● **What is expected**
Start at the line with "Some of the text" and print every line through the end of the material below. Keep it exact and free of pictures.

● **Information given**

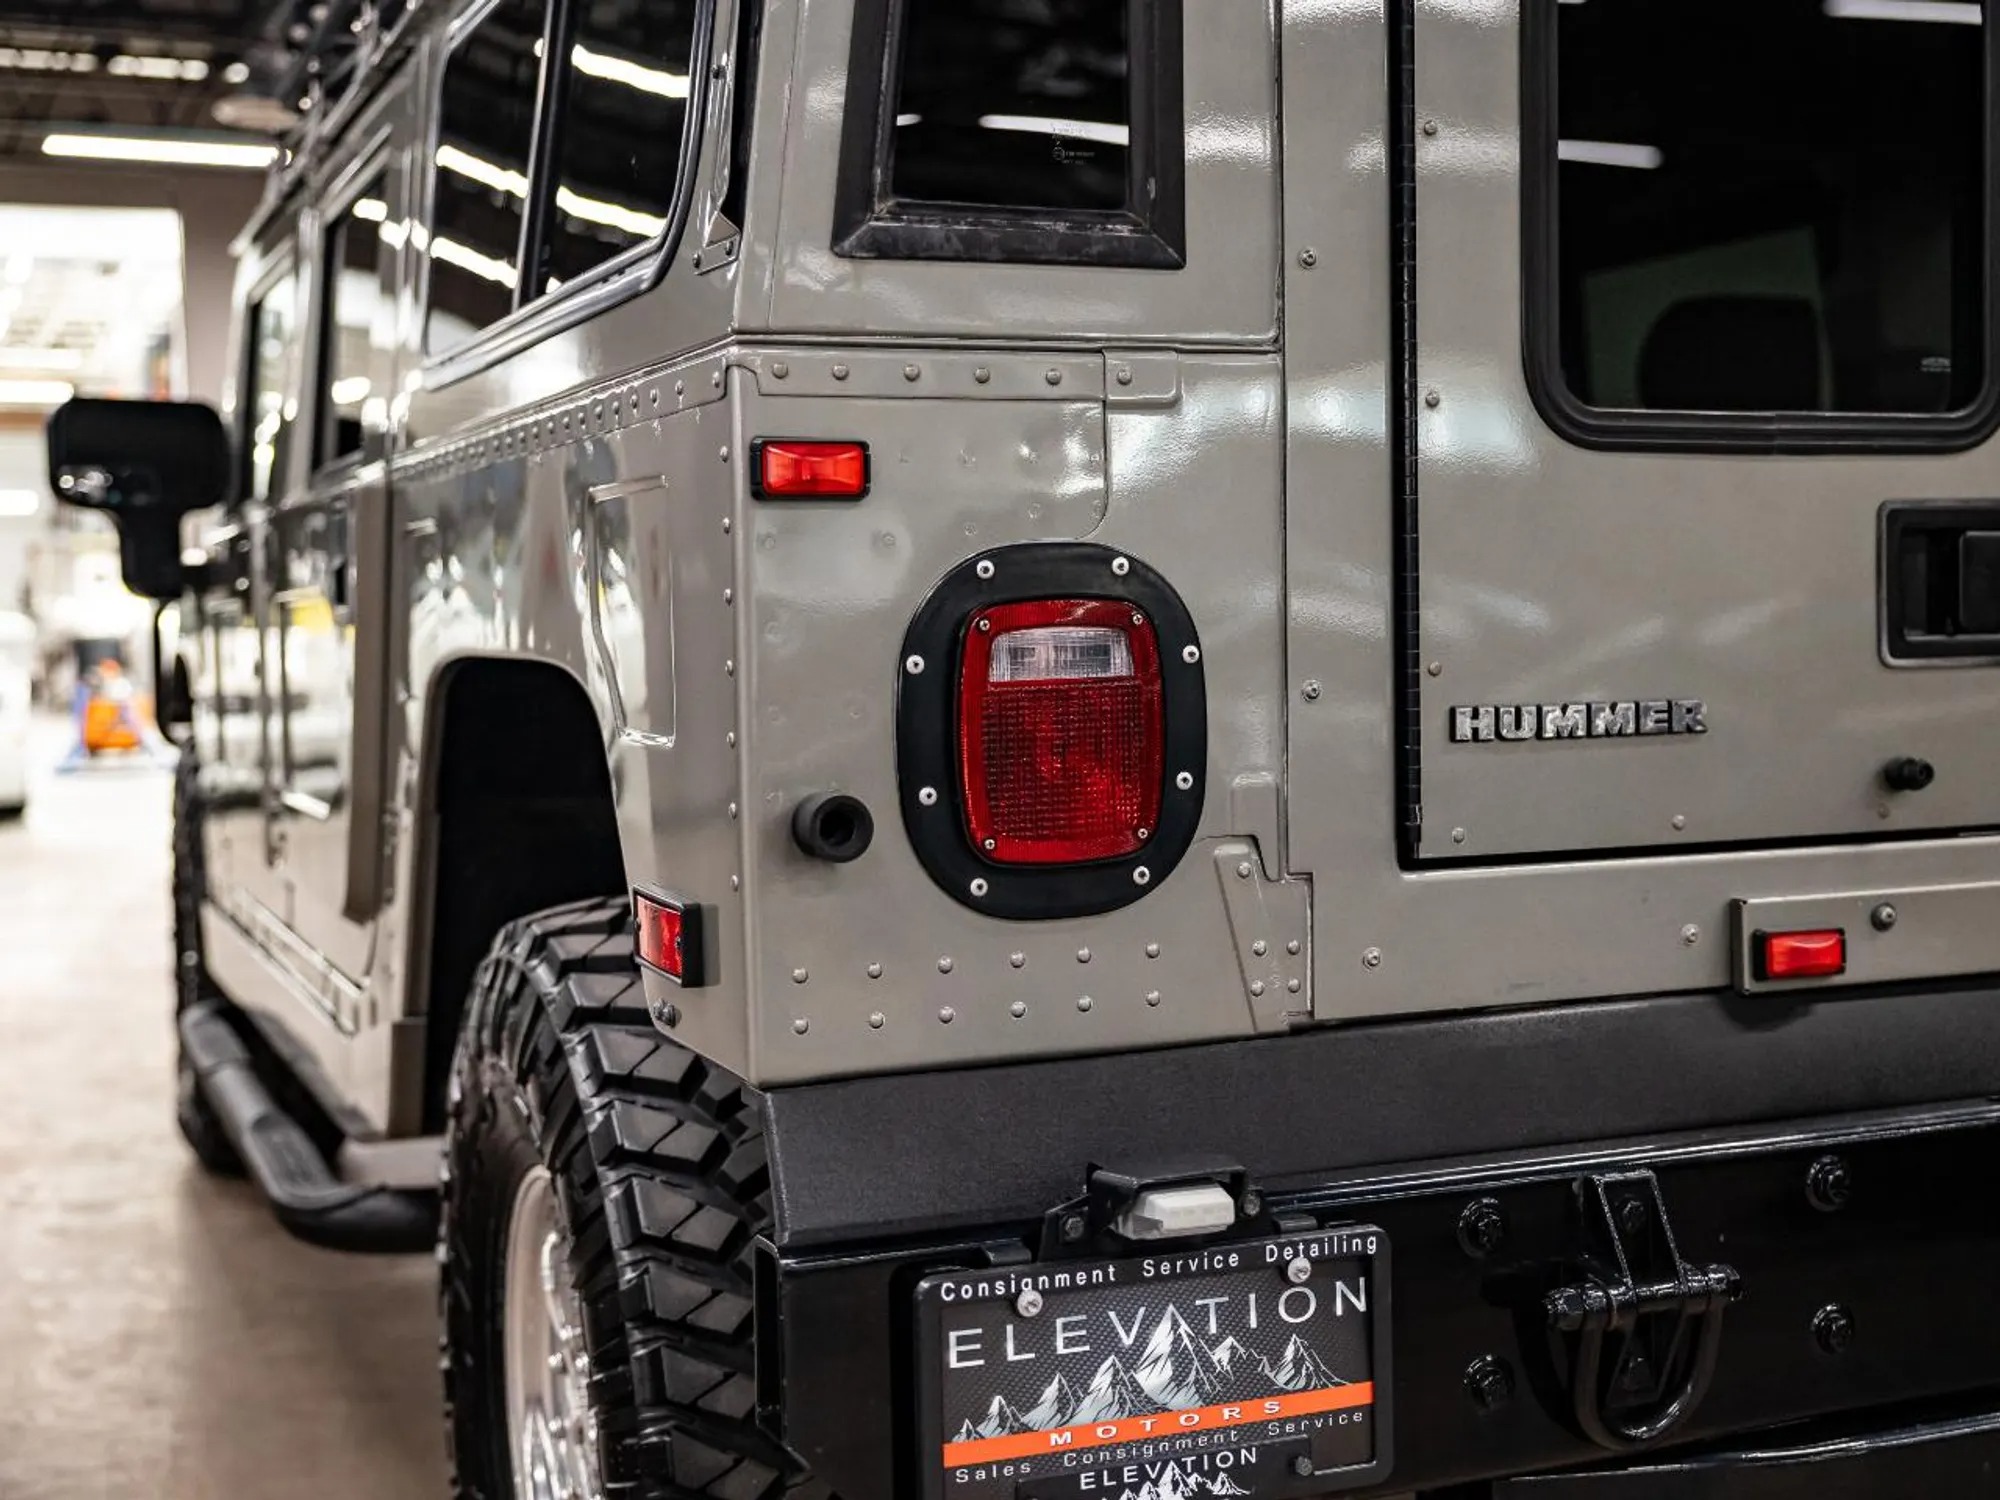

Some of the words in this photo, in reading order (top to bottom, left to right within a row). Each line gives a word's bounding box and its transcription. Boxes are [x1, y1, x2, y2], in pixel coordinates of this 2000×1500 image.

[1450, 700, 1708, 742] HUMMER
[941, 1264, 1116, 1301] Consignment
[1143, 1252, 1240, 1277] Service
[1265, 1235, 1377, 1262] Detailing
[955, 1462, 1031, 1483] Sales
[1064, 1429, 1238, 1467] Consignment
[1268, 1411, 1363, 1436] Service
[1050, 1401, 1280, 1446] MOTORS
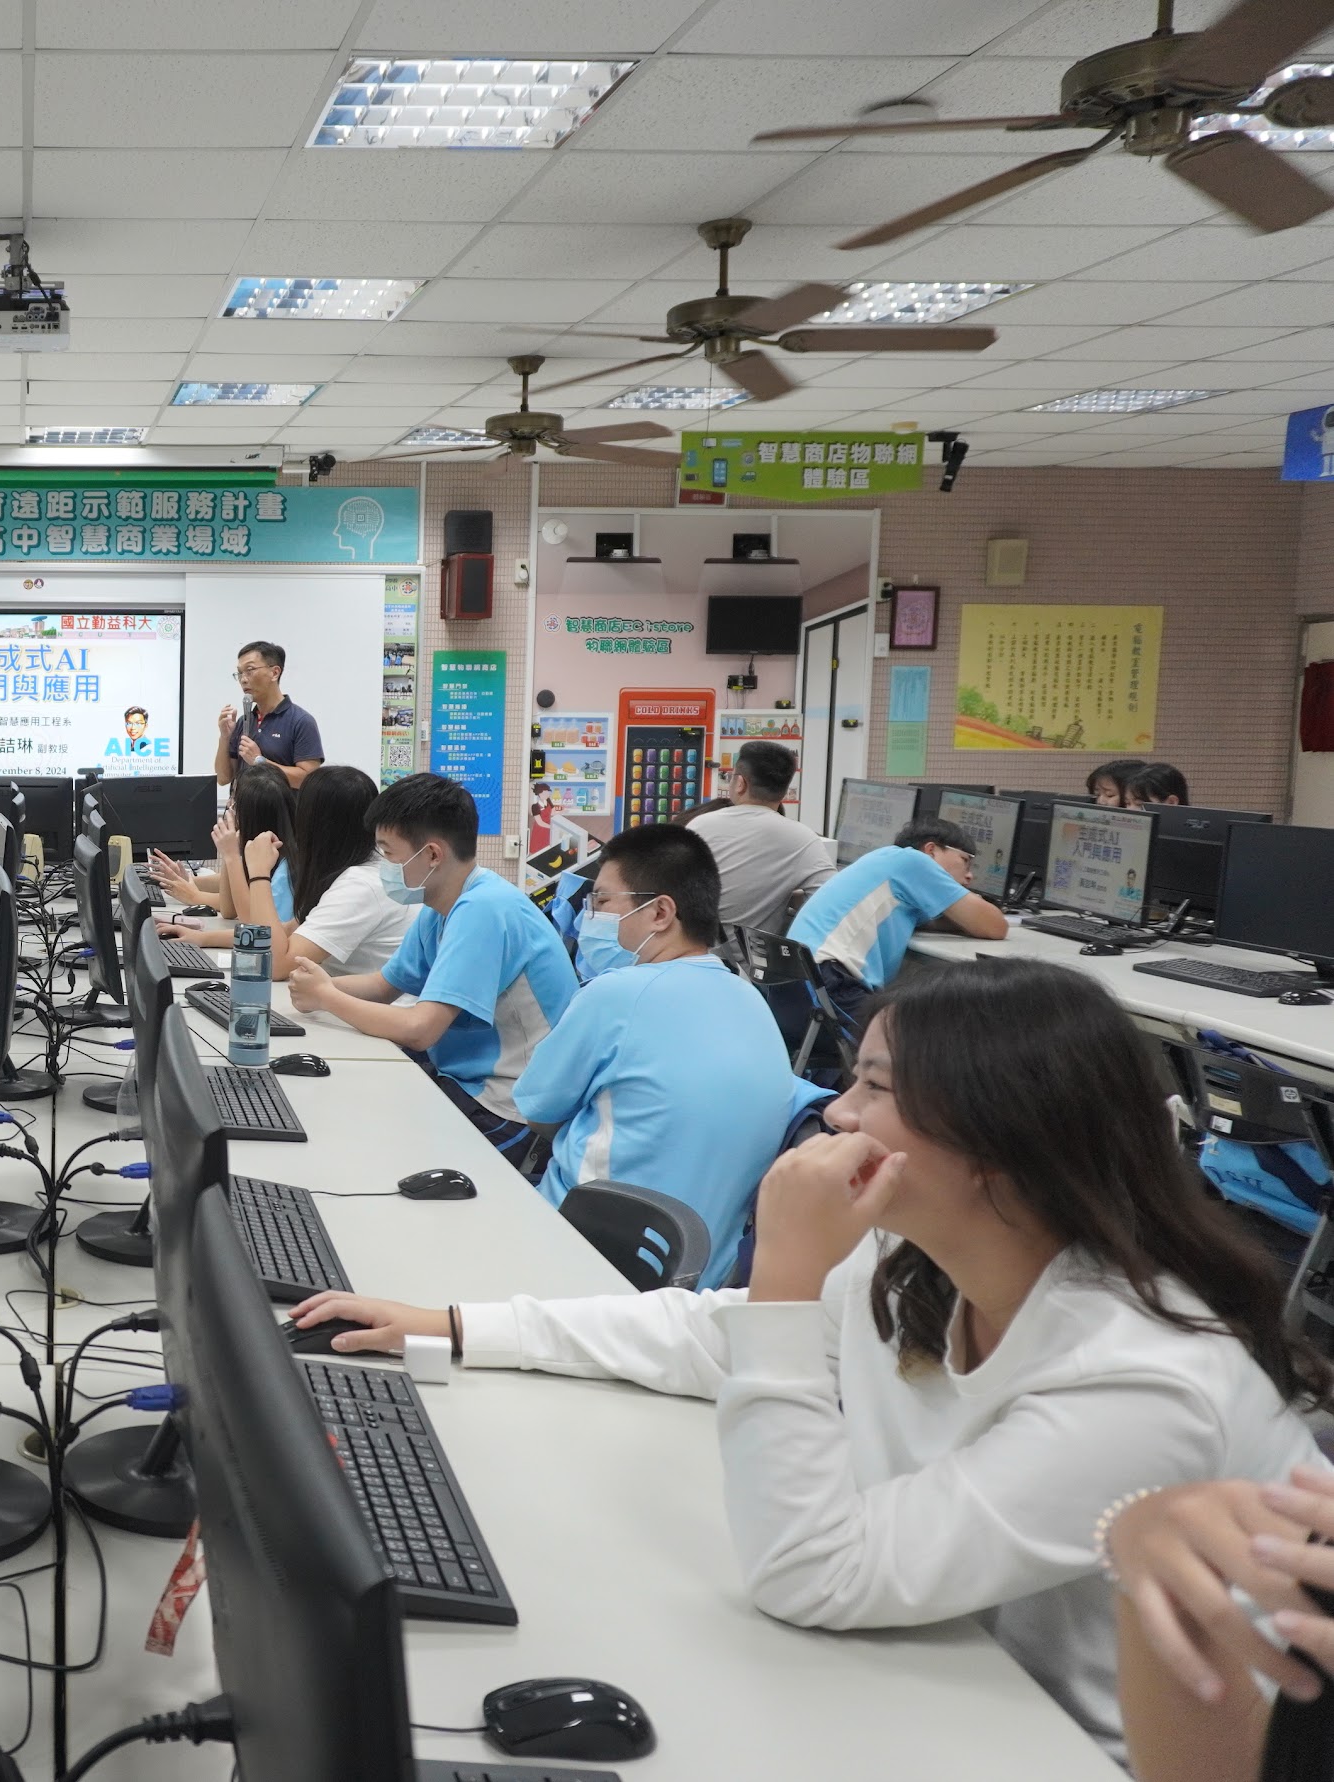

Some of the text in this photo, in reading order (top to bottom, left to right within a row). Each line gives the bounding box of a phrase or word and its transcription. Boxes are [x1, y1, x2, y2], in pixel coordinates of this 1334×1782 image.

[757, 440, 917, 465] 智慧商店物聯網
[802, 466, 871, 489] 體驗區
[60, 615, 153, 631] 國立勤益科大
[585, 637, 672, 654] 物聯網體驗區
[634, 705, 700, 715] COLD DRINKS
[37, 743, 69, 754] 副教授
[103, 737, 171, 757] AICE
[111, 756, 152, 764] Department
[35, 766, 43, 776] 8,
[45, 766, 67, 775] 2024
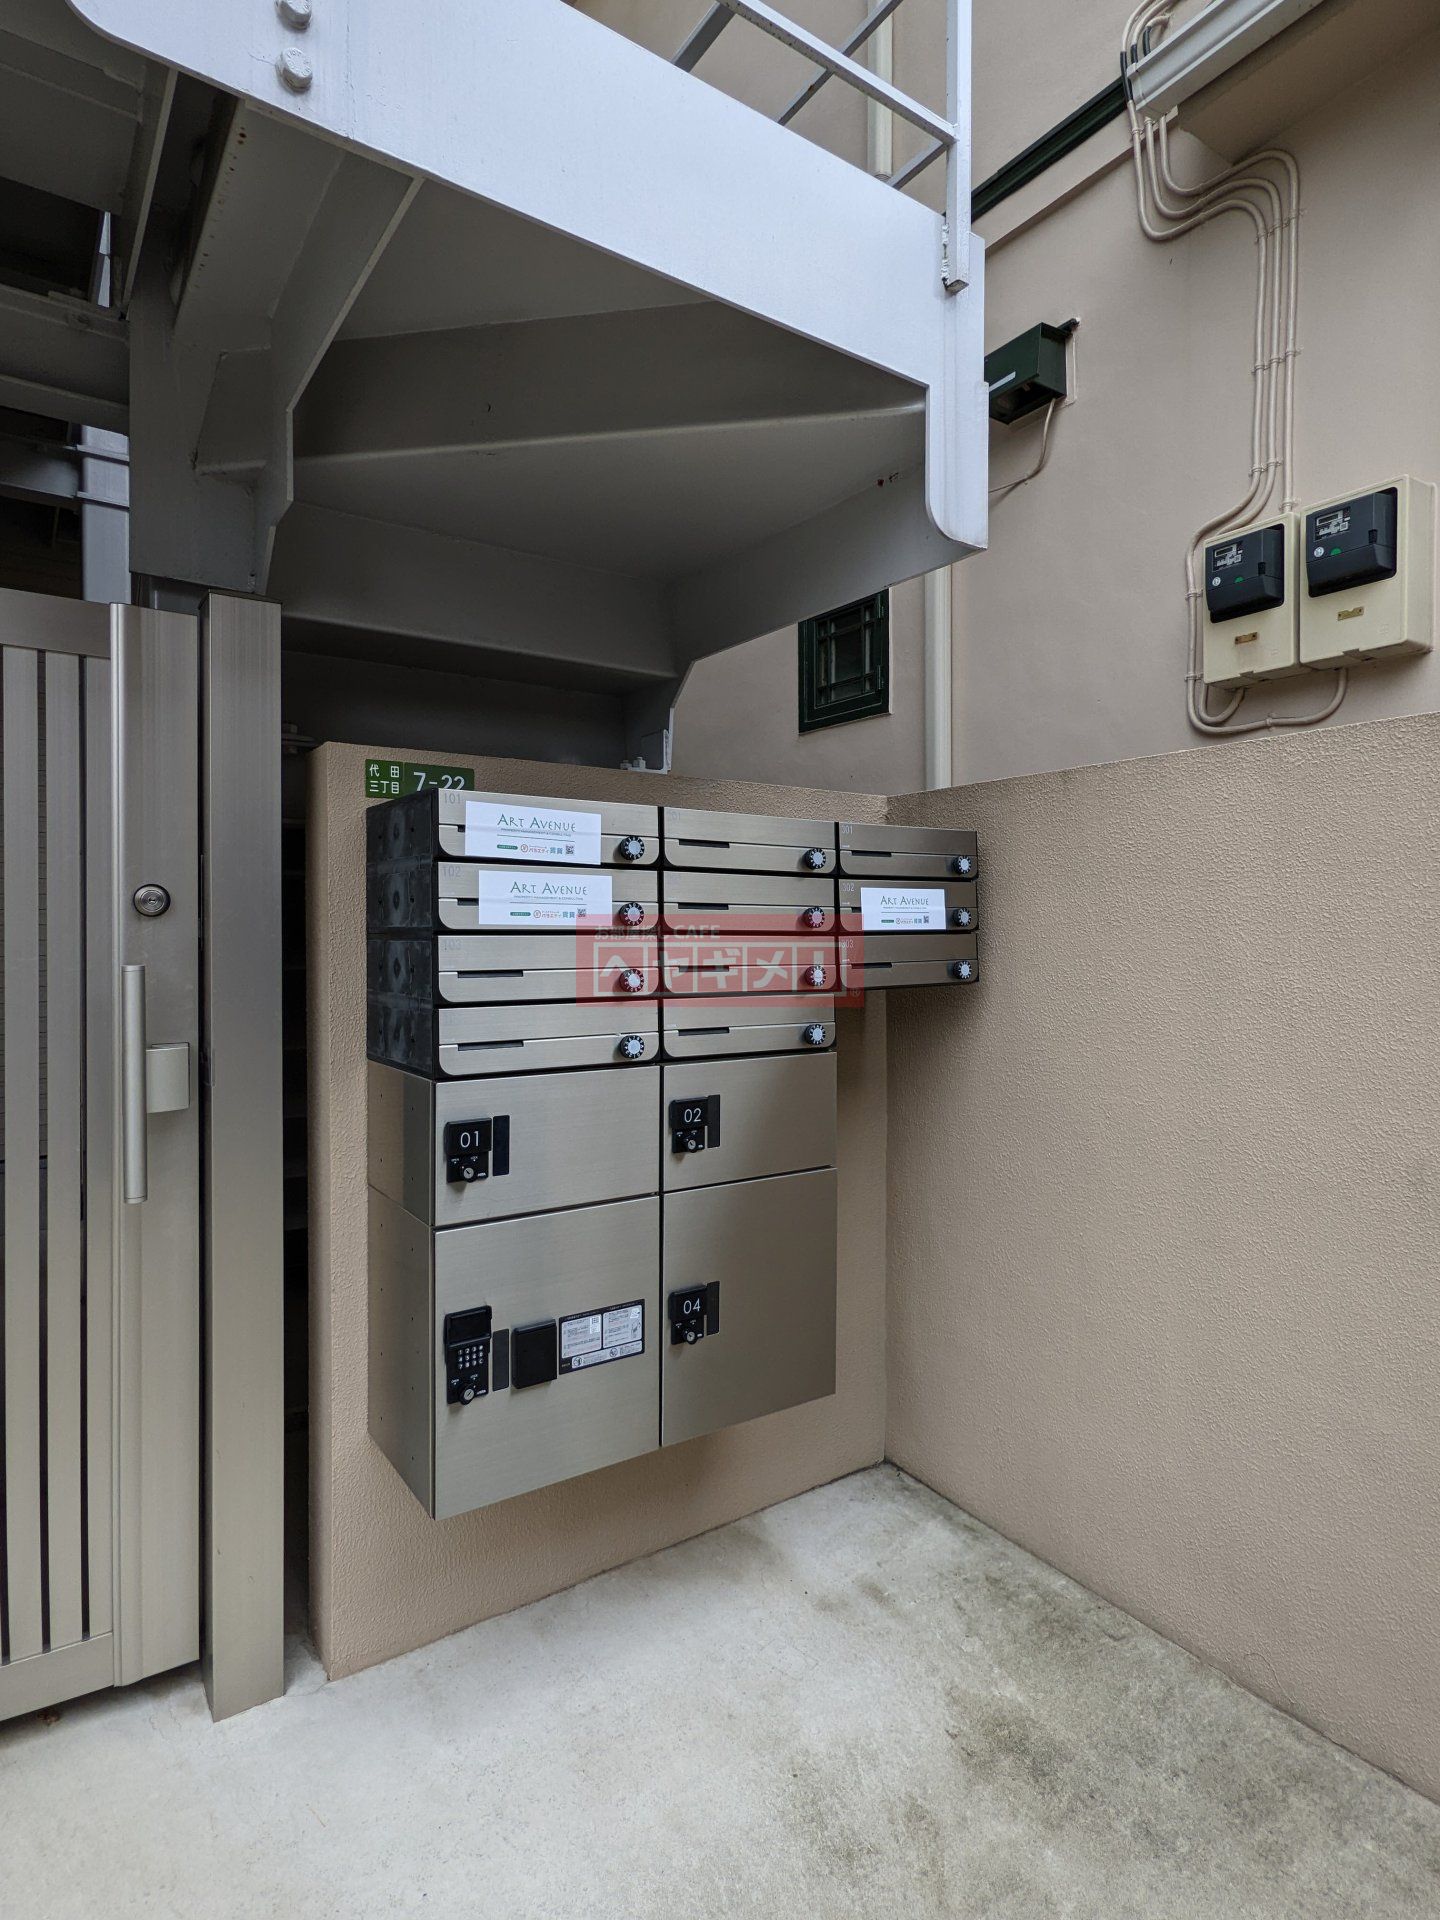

● **Written answer**
Some of the text in this photo, in reading order (top to bottom, left to right within a row). Each line gives the bounding box of a phrase or word and its transcription. Boxes are [x1, y1, x2, y2], in pixel coordinates of this 1334×1782 image.

[757, 440, 917, 465] 智慧商店物聯網
[802, 466, 871, 489] 體驗區
[60, 615, 153, 631] 國立勤益科大
[585, 637, 672, 654] 物聯網體驗區
[634, 705, 700, 715] COLD DRINKS
[37, 743, 69, 754] 副教授
[103, 737, 171, 757] AICE
[111, 756, 152, 764] Department
[35, 766, 43, 776] 8,
[45, 766, 67, 775] 2024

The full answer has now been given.